▶ [Work required]
All records below are to be duplicated exactly, with every picture excluded.

(Source data)
....................

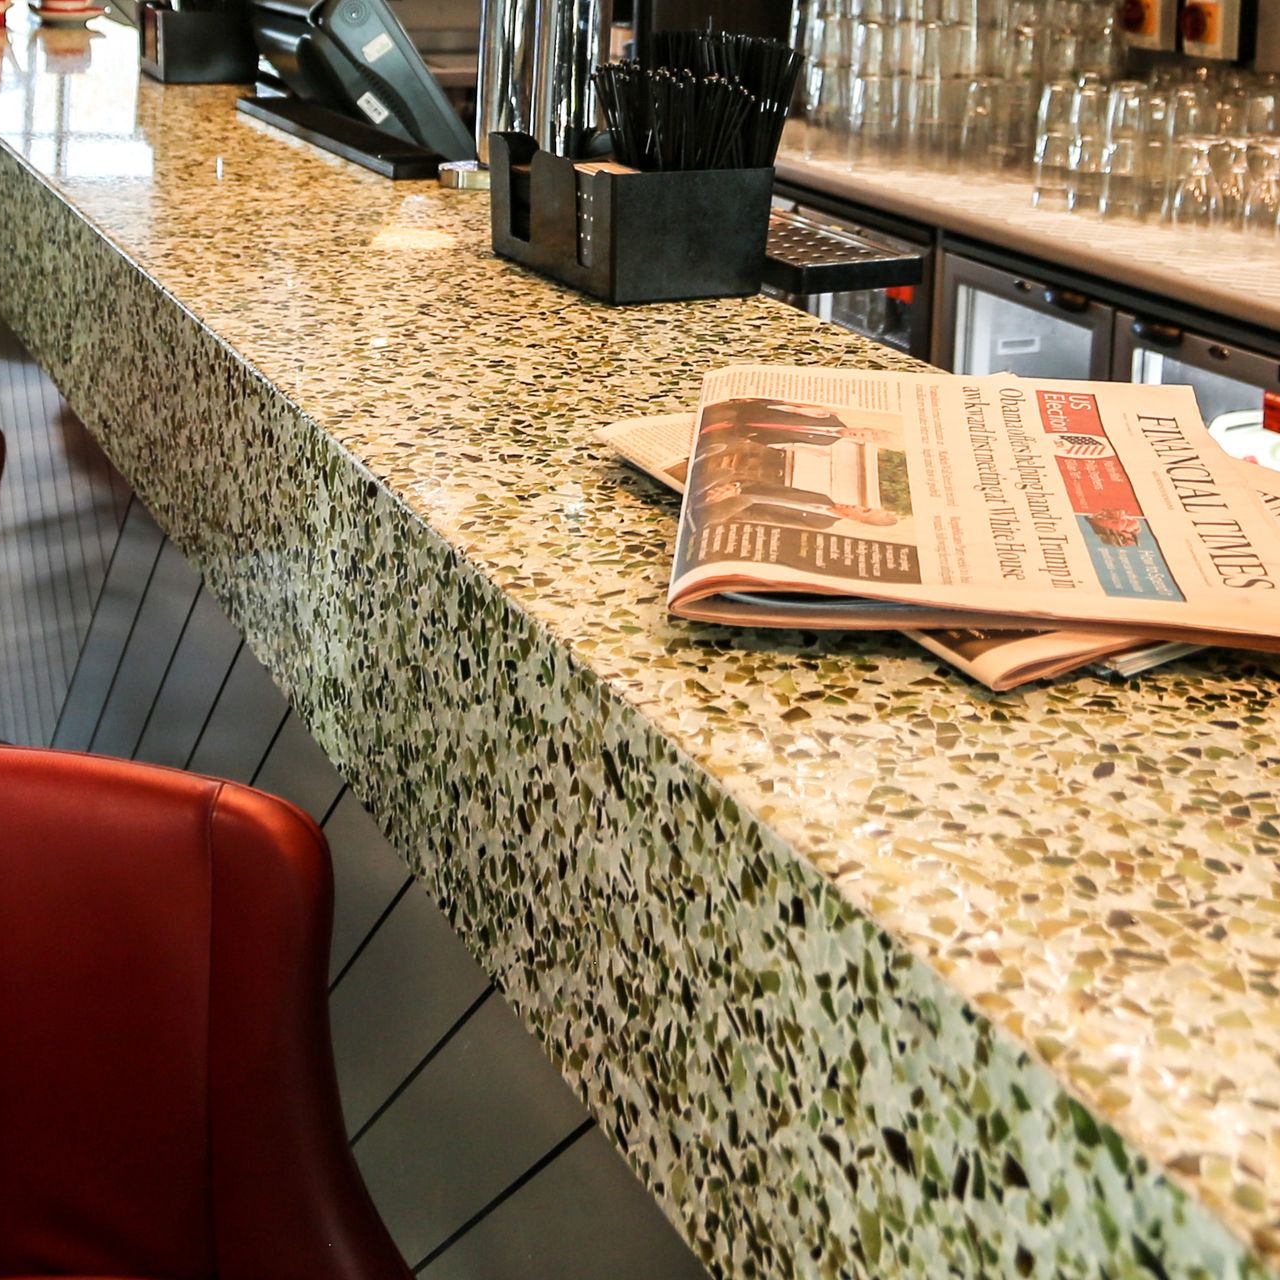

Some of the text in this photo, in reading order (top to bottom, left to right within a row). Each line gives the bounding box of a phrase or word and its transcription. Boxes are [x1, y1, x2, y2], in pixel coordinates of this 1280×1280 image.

[962, 386, 996, 433] awkward
[1043, 393, 1092, 432] US Election
[973, 453, 1007, 492] meeting
[999, 388, 1083, 588] Obama offers helping hand to Trump in
[984, 492, 1008, 504] at
[1137, 413, 1276, 590] FINANCIAL TIMES
[988, 506, 1020, 541] White
[994, 542, 1026, 580] House

....................

▶ [Result of this exercise]
Some of the text in this photo, in reading order (top to bottom, left to right within a row). Each line gives the bounding box of a phrase or word and its transcription. Boxes are [x1, y1, x2, y2], in pixel coordinates of this 1280×1280 image.

[962, 386, 996, 433] awkward
[1043, 393, 1092, 432] US Election
[973, 453, 1007, 492] meeting
[999, 388, 1083, 588] Obama offers helping hand to Trump in
[984, 492, 1008, 504] at
[1137, 413, 1276, 590] FINANCIAL TIMES
[988, 506, 1020, 541] White
[994, 542, 1026, 580] House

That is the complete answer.